Nabih Bulos, Laura King and Tracy Wilkinson, Los Angeles Times on

Published in News & Features

BEIRUT — The Lebanese militant group Hezbollah confirmed Saturday that its longtime leader, Hassan Nasrallah, had been killed in an Israeli air raid the evening before, even as Israel pressed ahead with a new round of punishing airstrikes and the region appeared to reel closer to all-out war.

The announcement came hours after Israel’s military declared that it had killed the 64-year-old Nasrallah, who helped found Hezbollah and had led the Iranian-backed group for three decades, in a devastating strike Friday evening in Beirut’s southern suburbs, a Hezbollah stronghold.

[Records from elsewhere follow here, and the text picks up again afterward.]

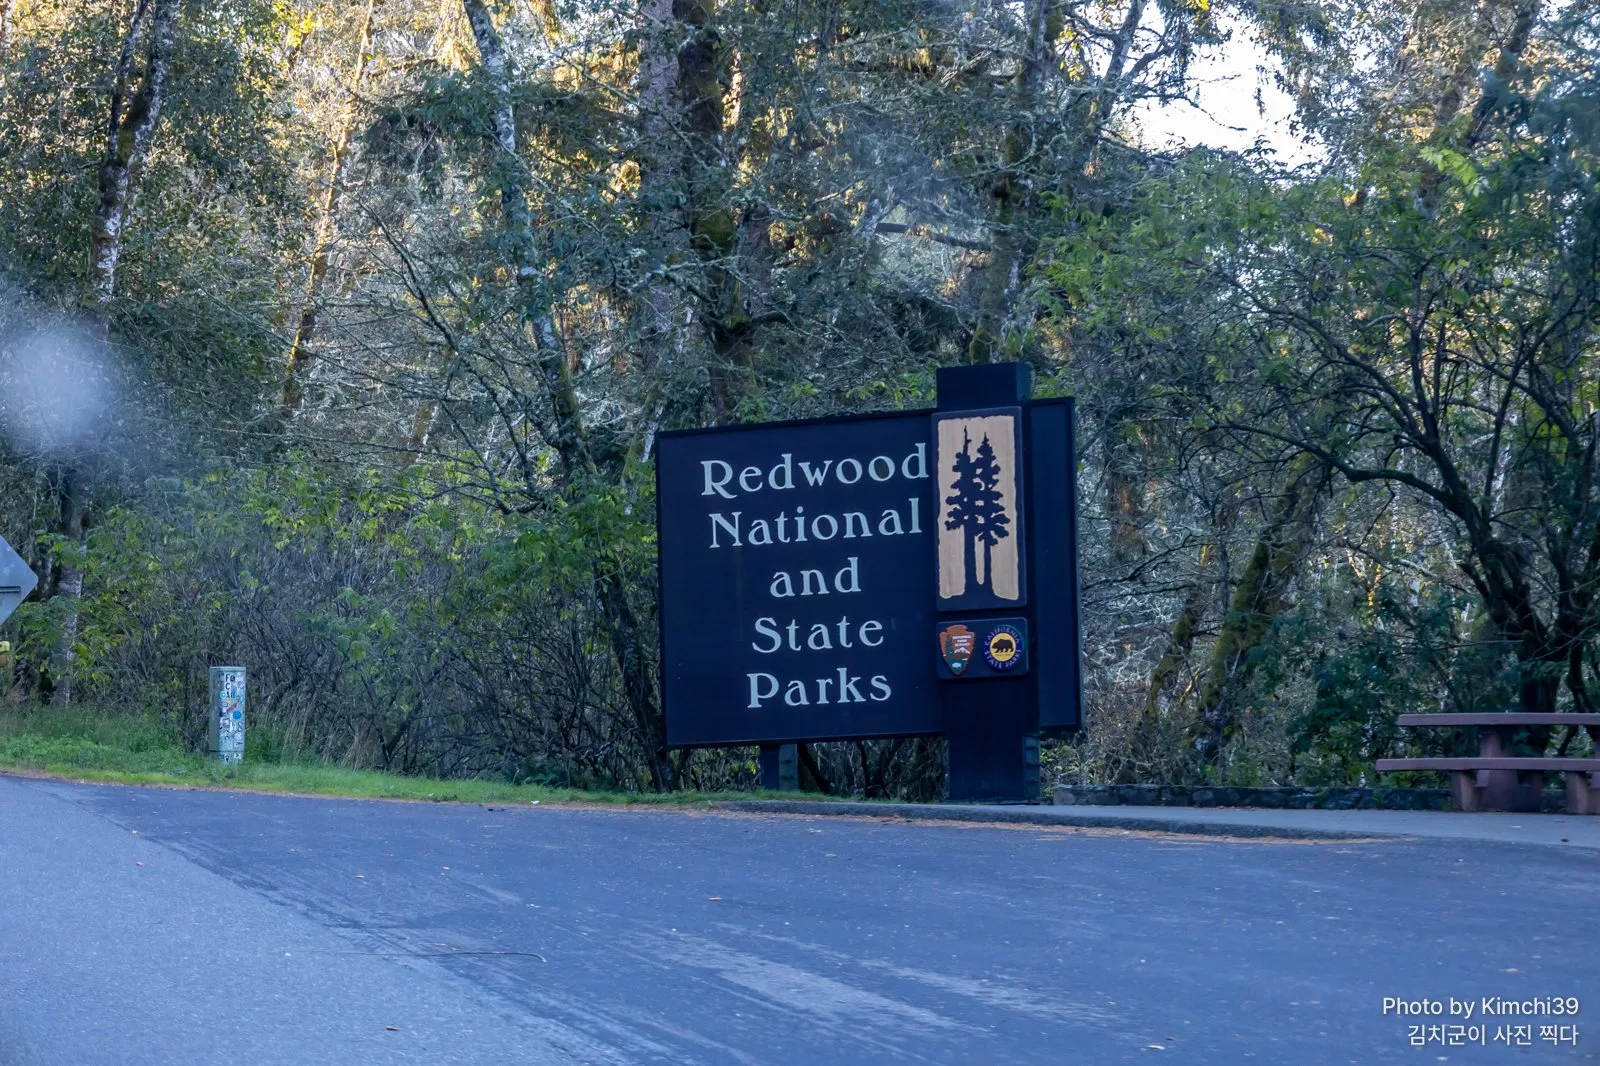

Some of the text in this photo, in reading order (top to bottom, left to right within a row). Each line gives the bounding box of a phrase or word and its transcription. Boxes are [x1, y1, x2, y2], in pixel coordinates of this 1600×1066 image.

[700, 442, 930, 499] Redwood
[708, 497, 923, 549] National
[769, 556, 862, 598] and
[751, 615, 884, 654] State
[746, 667, 892, 709] Parks
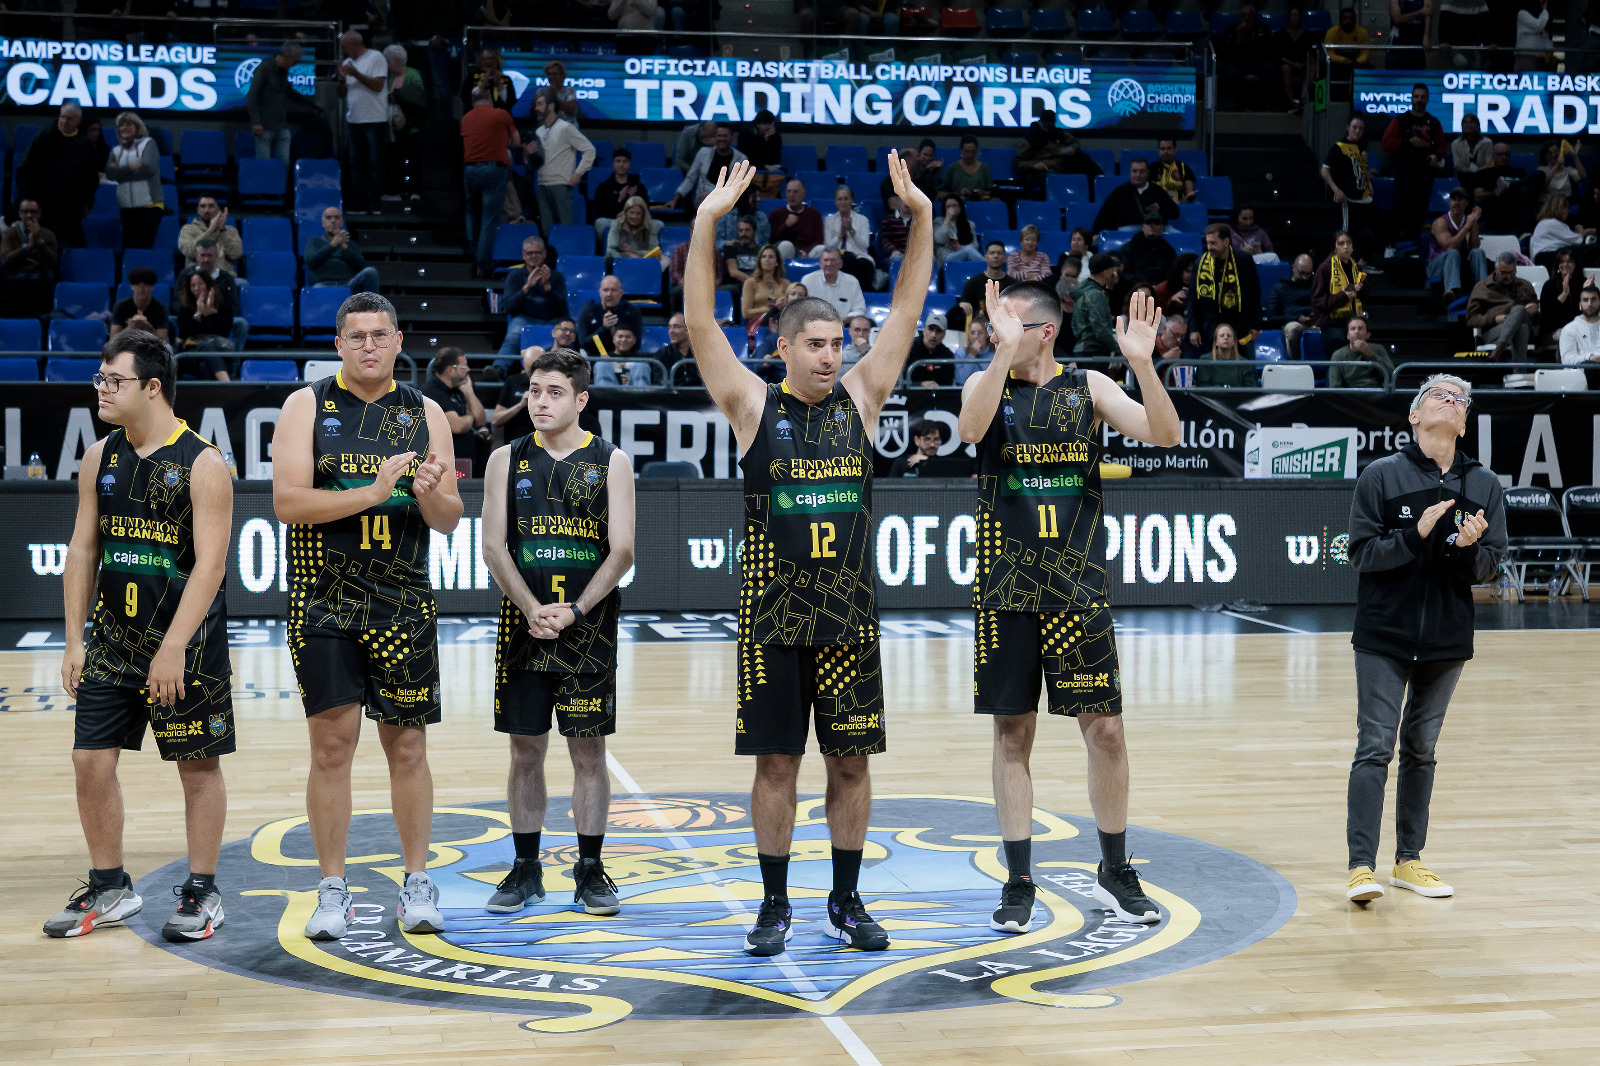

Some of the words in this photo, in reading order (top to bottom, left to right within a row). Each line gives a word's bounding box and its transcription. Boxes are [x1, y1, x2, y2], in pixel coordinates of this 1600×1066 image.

During the full 24 hours after Friday’s massive air raid, Israeli warplanes continued to pummel Hezbollah-dominated neighborhoods on the city’s southern outskirts, leaving the Lebanese capital shrouded in choking smoke and lending apocalyptic air to the open-air encampments that sprang up overnight.

Israel was on high alert for retaliation and placed restrictions on large public gatherings. At the same time, it vowed more strikes, with its military chief of staff, Lt. Gen. Herzi Halevi, declaring in a video message that Israel aimed to destroy Hezbollah.

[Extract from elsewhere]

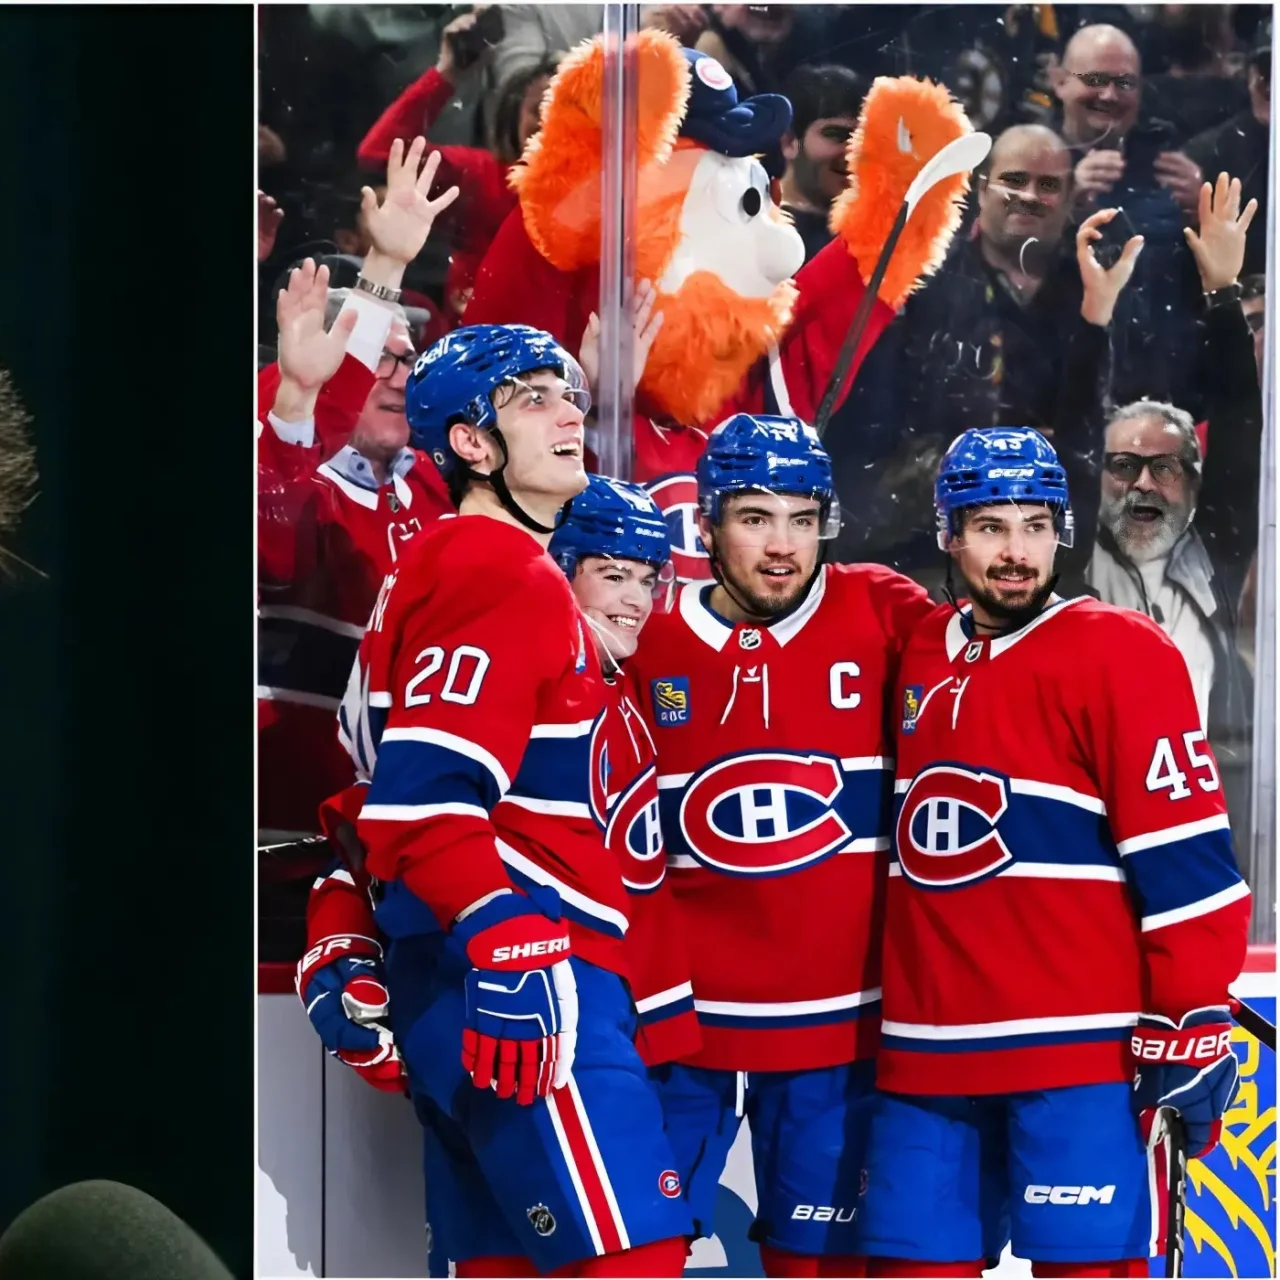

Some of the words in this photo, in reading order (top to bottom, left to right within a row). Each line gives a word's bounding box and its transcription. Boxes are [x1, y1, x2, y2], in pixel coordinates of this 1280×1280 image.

[403, 644, 491, 709] 20
[828, 660, 862, 710] C
[1144, 730, 1220, 801] 45
[1023, 1184, 1116, 1205] CCM

President Joe Biden, in a statement Saturday, said the U.S. wanted to “de-escalate” conflicts in both Lebanon and the Gaza Strip. At the same time, however, he said Israel had a right to self-defense, and acknowledged that Nasrallah’s killing represented a “measure of justice” for his victims, including Americans killed in Hezbollah terror attacks in the 1980s.

The State Department, bowing to what it called the “volatile and unpredictable security situation” in Lebanon, ordered the departure of some non-essential U.S. Embassy employees and dependents. The department had previously issued its strongest warning against travel to the country by U.S. citizens, and urged Americans to leave while commercial travel was still available.

In Beirut, thousands who fled airstrike-devastated areas bedded down for a second night outdoors, huddling where they could in parks, squares and on walkways near the seafront promenade. A flotsam of discarded water bottles, soda cans, coffee cups and cigarette packs surrounded them.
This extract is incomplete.